He took part in the troubles in the Netherlands, and in 1563 refused to join William the Silent and others in their efforts to remove Cardinal Granvelle from his post. This attitude, together with Aarschot's devotion to the Roman Catholic Church, which he expressed by showing his delight at the Massacre of St. Bartholomew, led Philip of Spain to regard him with still greater favor, which, however, was withdrawn in consequence of Aarschot's ambiguous conduct when welcoming the new governor, John of Austria (Don Juan de Austria), to the Netherlands in 1576.

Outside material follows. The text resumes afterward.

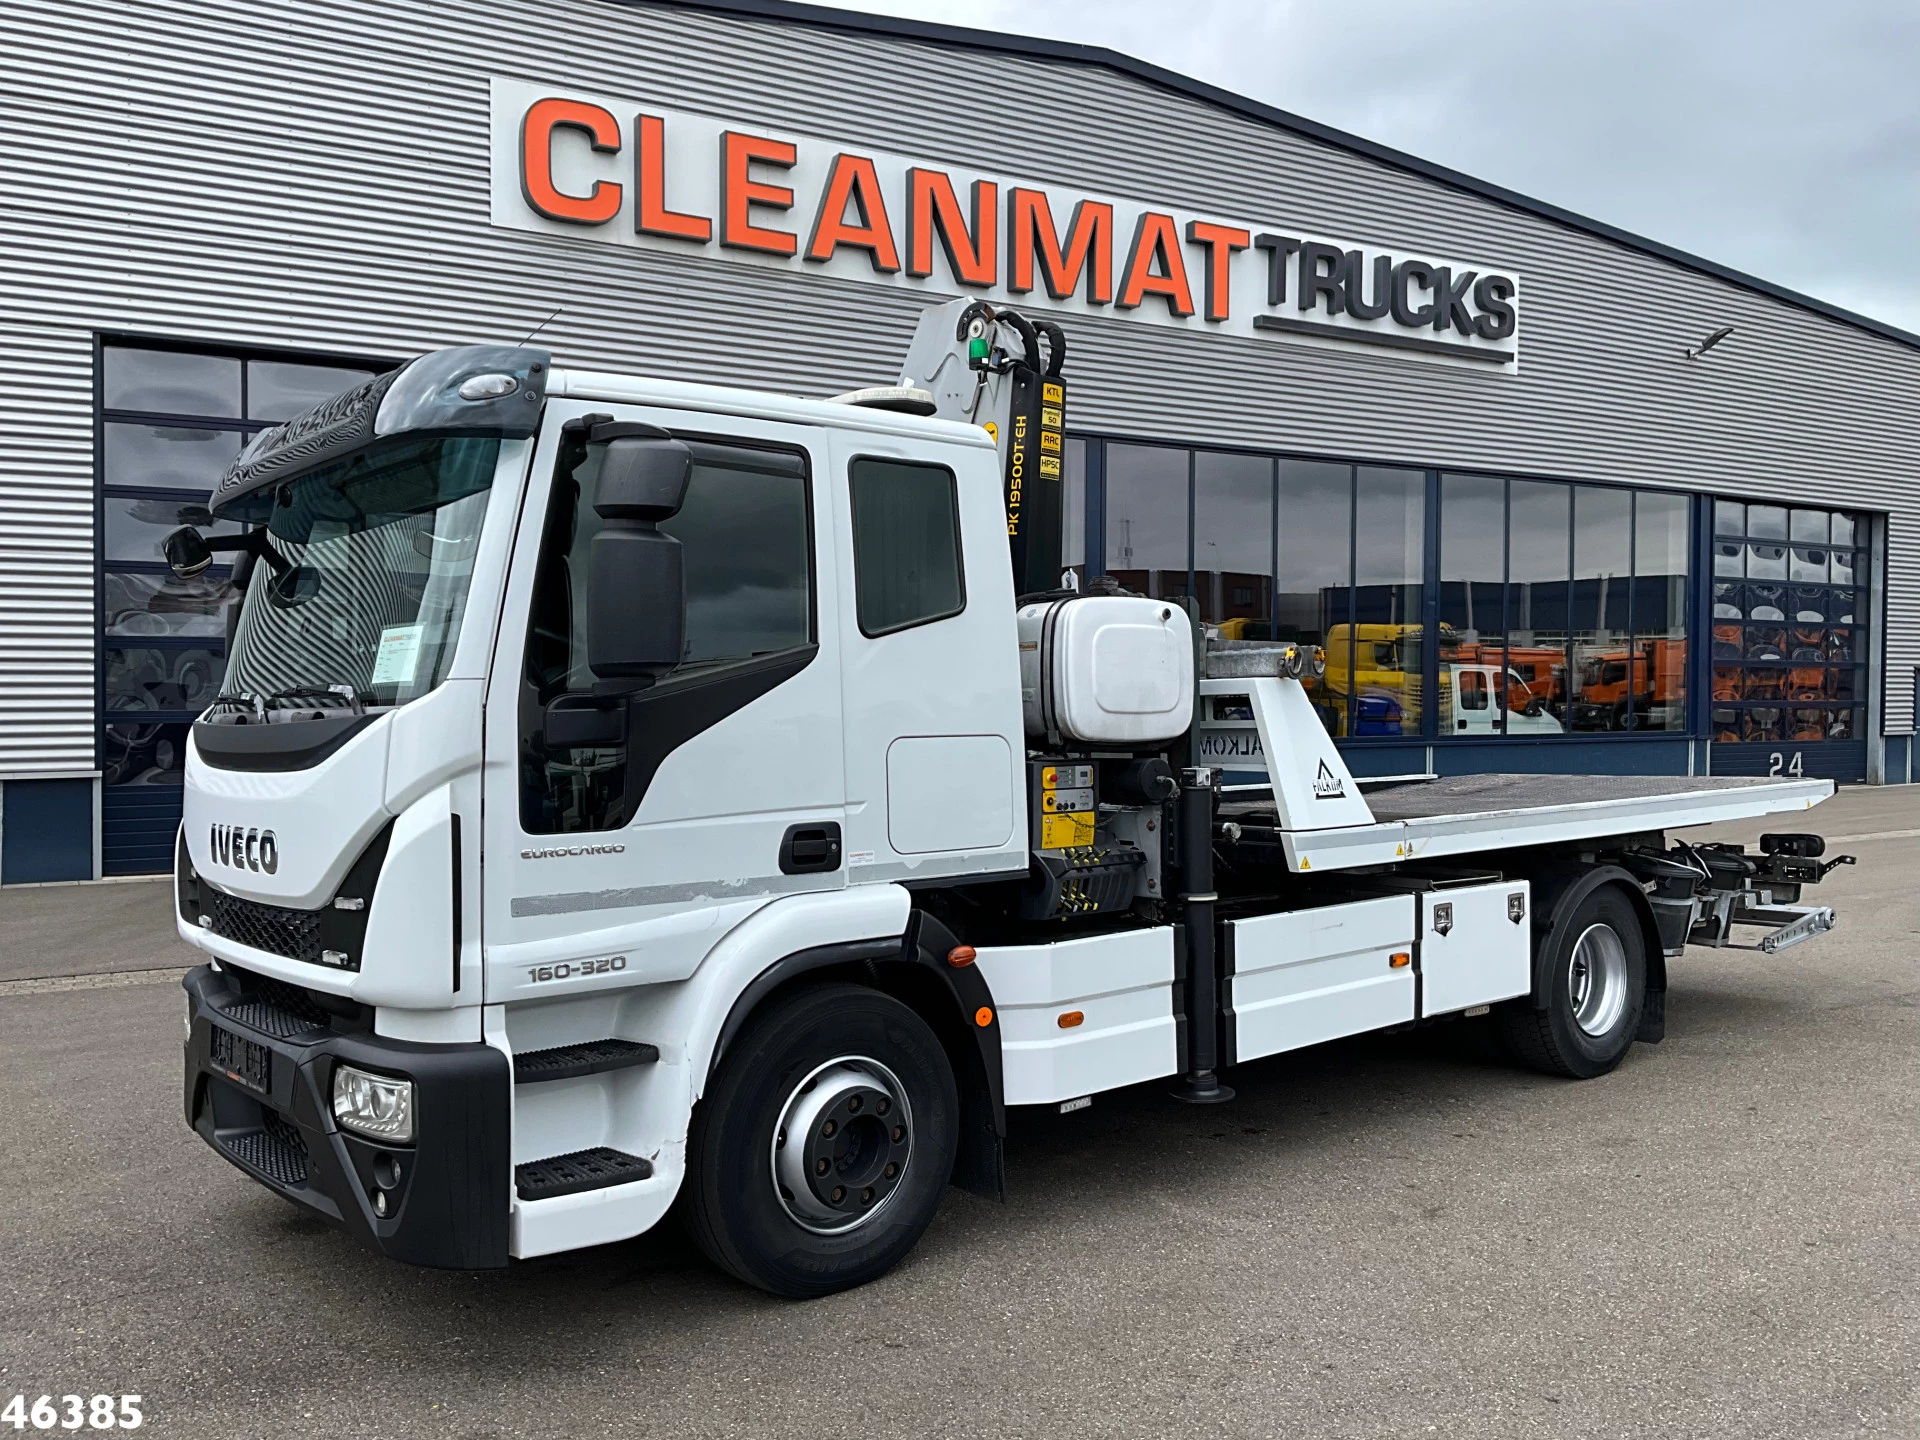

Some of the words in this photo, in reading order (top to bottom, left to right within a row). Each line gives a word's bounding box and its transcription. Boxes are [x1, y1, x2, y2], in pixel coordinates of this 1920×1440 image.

In spite, however, of his being generally distrusted by the inhabitants of the Netherlands, he was appointed governor of the citadel of Antwerp when the Spanish troops withdrew in 1577. After a period of vacillation, he deserted Don John towards the end of that year.

Jealous of the Prince of Orange, he was then the head of the party which induced the Archduke Matthias (afterwards emperor) to undertake the sovereignty of the Netherlands, and soon afterwards was appointed Stadtholder of Flanders by the state council. A strong party, including the burghers of Ghent, distrusted the new stadtholder and Aarschot, who was taken prisoner during a riot at Ghent, and was only released on promising to resign his office.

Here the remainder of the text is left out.